Last week Udacity launched our Meetup Everywhere page! If you set up a Meetup group on our Meetup Everywhere page, ( you probably noticed that the Udacity Global Meetup Day was set up automatically as your group’s first scheduled meetup.

You should also know that in addition to worldwide meetup events, you can also set up additional meetup groups through Meetup Everywhere anytime for your local community. To do so, simply click on your community and click the “+ SCHEDULE A NEW MEETUP” text (image below).

In between global events, organize study groups or social meetups and keep in touch with your Udacity community! Looking for tips on starting a local study group meetup? This week Kimberly Spillman writes about best practices for organizing and executing a great study group using!

How to Plan a Stellar Study Group

Kimberly Spillman is a Meetup study group leader in San Diego, CA. She began studying with Meetup groups during Norvig and Thrun’s Introduction to Artificial Intelligence class, a group that grew to over 200 people, with about 10 showing up each week. Spillman is an embedded software engineer at ViaSat.

Below she writes about best practices for organizing and executing a great study group using!

Participating in Udacity Meetups is extremely rewarding because it is a a great way to showcase and develop your leadership skills for the workplace, as well as being a great way to meet people, make friends, and create future business contacts. Studying with others also keeps you motivated to complete your course!

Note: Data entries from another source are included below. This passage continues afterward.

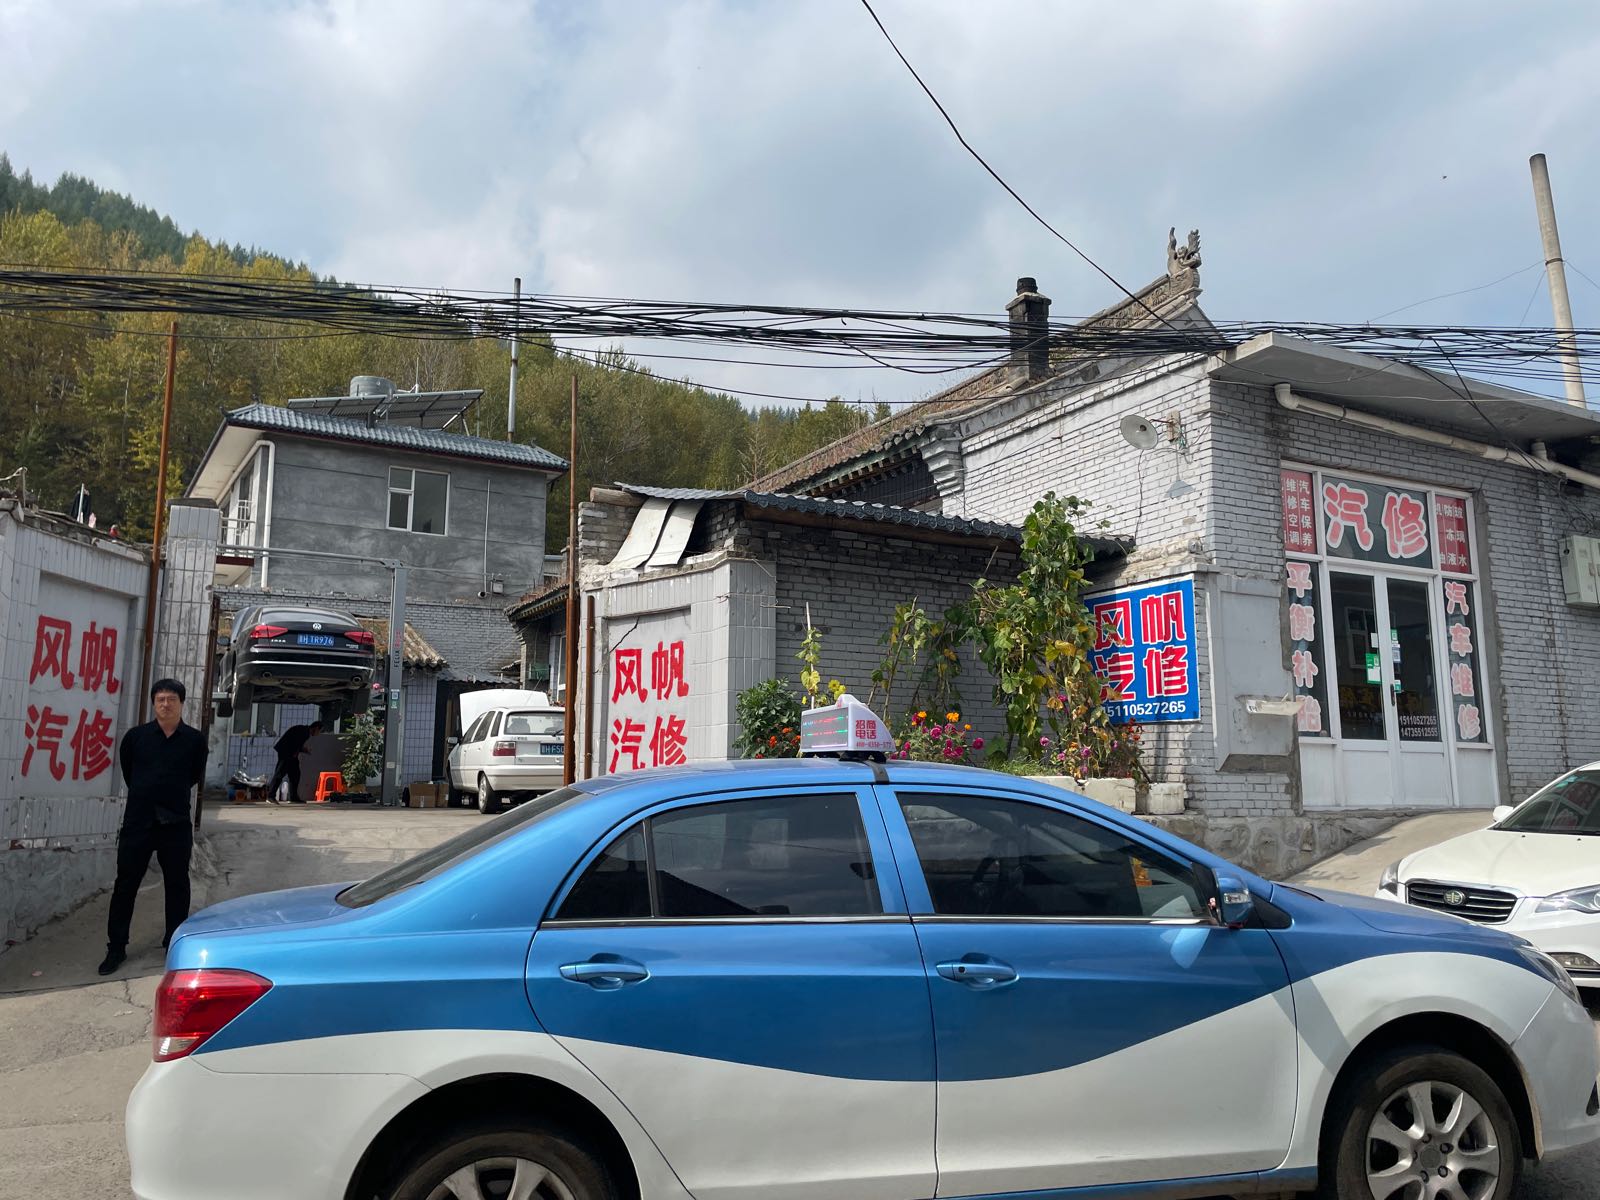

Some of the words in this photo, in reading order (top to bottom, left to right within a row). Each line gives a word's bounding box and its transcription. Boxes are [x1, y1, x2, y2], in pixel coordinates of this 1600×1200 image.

[1286, 478, 1300, 545] 维修空调
[1299, 480, 1313, 546] 汽车保养
[1323, 482, 1428, 558] 汽修
[1454, 506, 1467, 566] 玻璃水
[298, 633, 333, 645] HTR976
[1093, 590, 1187, 652] 风帆
[1286, 562, 1322, 732] 平衡补胎
[29, 615, 120, 695] 风帆
[612, 640, 689, 704] 风帆
[1094, 645, 1189, 702] 汽修
[1445, 581, 1481, 739] 汽车维修
[21, 704, 113, 781] 汽修
[609, 715, 688, 774] 汽修
[856, 730, 876, 739] 电话
[1399, 715, 1436, 726] 15110527265

Starting a Meetup group may sound daunting, but it isn’t as difficult as it seems. Study groups work well if at least one member can dedicate a little extra time to book locations, and extra credit for coming up with interesting supplemental materials.

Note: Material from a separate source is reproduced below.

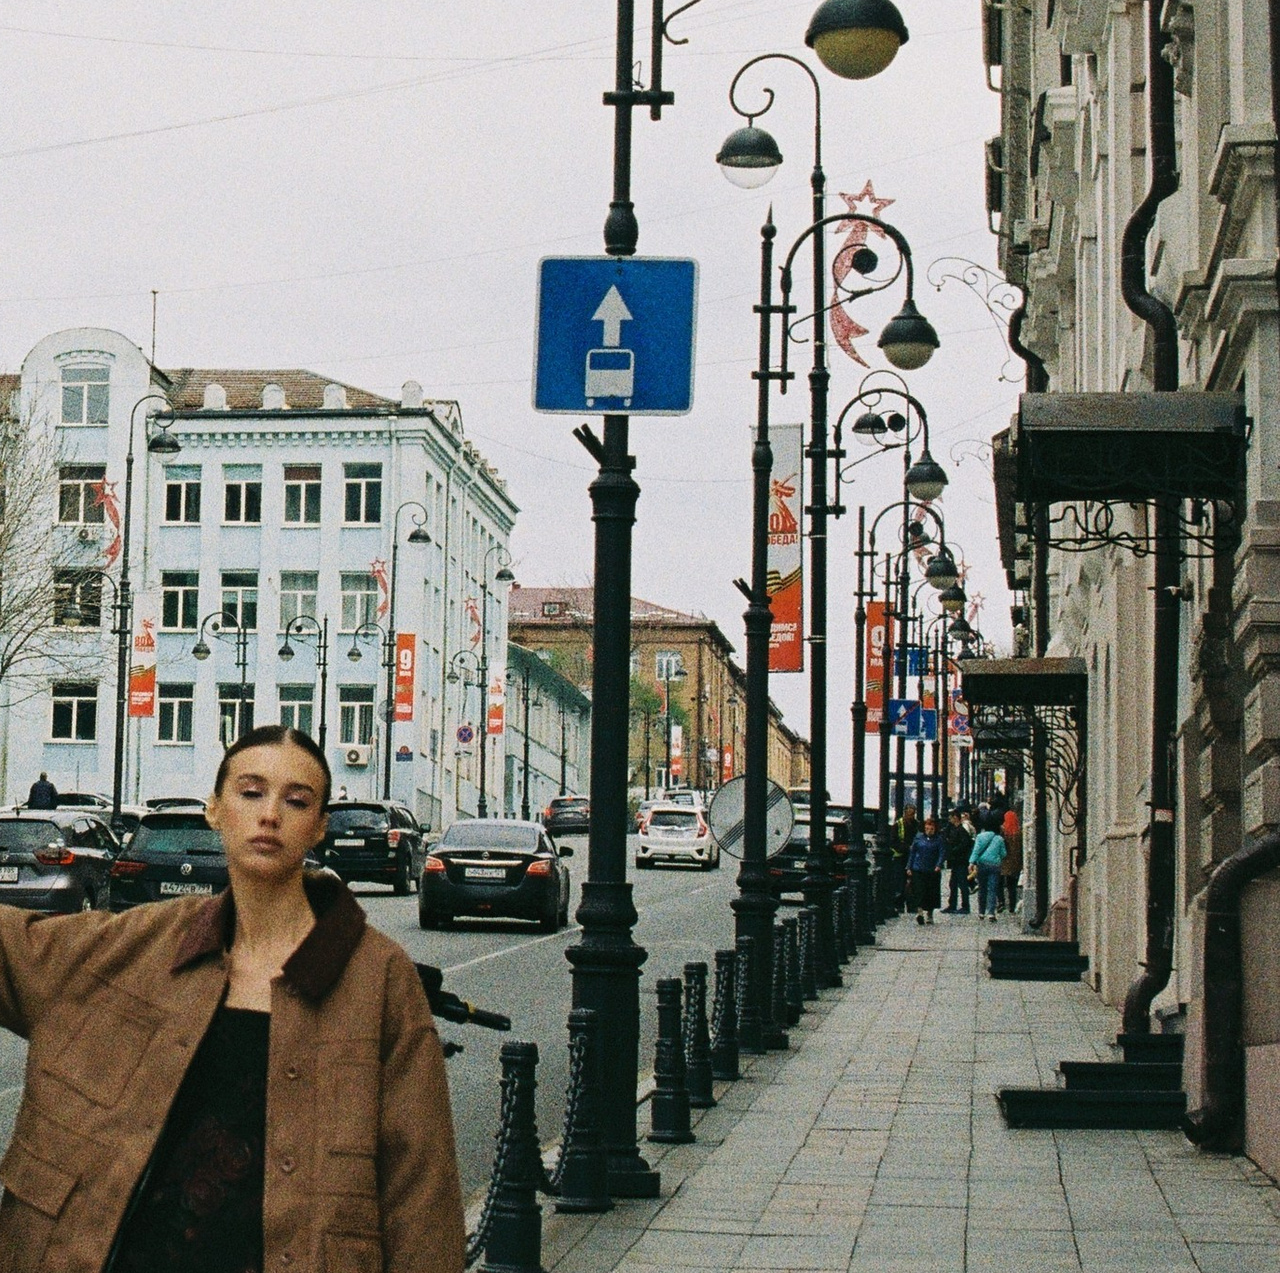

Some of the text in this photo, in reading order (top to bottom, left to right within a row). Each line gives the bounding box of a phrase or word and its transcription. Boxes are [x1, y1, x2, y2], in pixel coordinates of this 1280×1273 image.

[767, 534, 798, 546] БЕДА!
[871, 625, 886, 657] 9
[400, 649, 412, 670] 9
[870, 658, 884, 667] МА

Study groups can meet anywhere, for example, my study group meets in co-working spaces (specifically, Ansir Center and CoMerge) where we are able to use the space for free. Different communities may have different options such as libraries, community center, or businesses’ conference rooms.

For our study group we’d often have a demo, watch some of the lecture videos together, and leave some time to ask each other questions. We have had some really great topics during our study sessions, including:

  • A robotic enthusiast member brought in their latest project, a robot, to show us
  • Alternative ways of solving class problems (after everyone had completed it, of course!)
  • Software tools related to subject matter
  • Work on outside projects related to the material
  • Review of the week’s materials

Other ideas include:

  • Bring in members of the community to speak on the week’s topic or issues related to the class
  • Work together on problem sets

Getting Started

Here are a few pointers:

  • Schedule and announce the meetup (Meetup page, Facebook, Twitter, Blogs) and start gauging interest
  • Find a location that will accommodate the number of people coming and the type of things you want to do
  • Decide on a rough agenda for the night, which should include what all the members want to do
  • Ask others to help and possibly rotate the responsibility of organizing the meetup among group members

Don’t forget that studying doesn’t have to be all work. We found that socializing afterwards was a key component to forming relationships and keeping us coming back!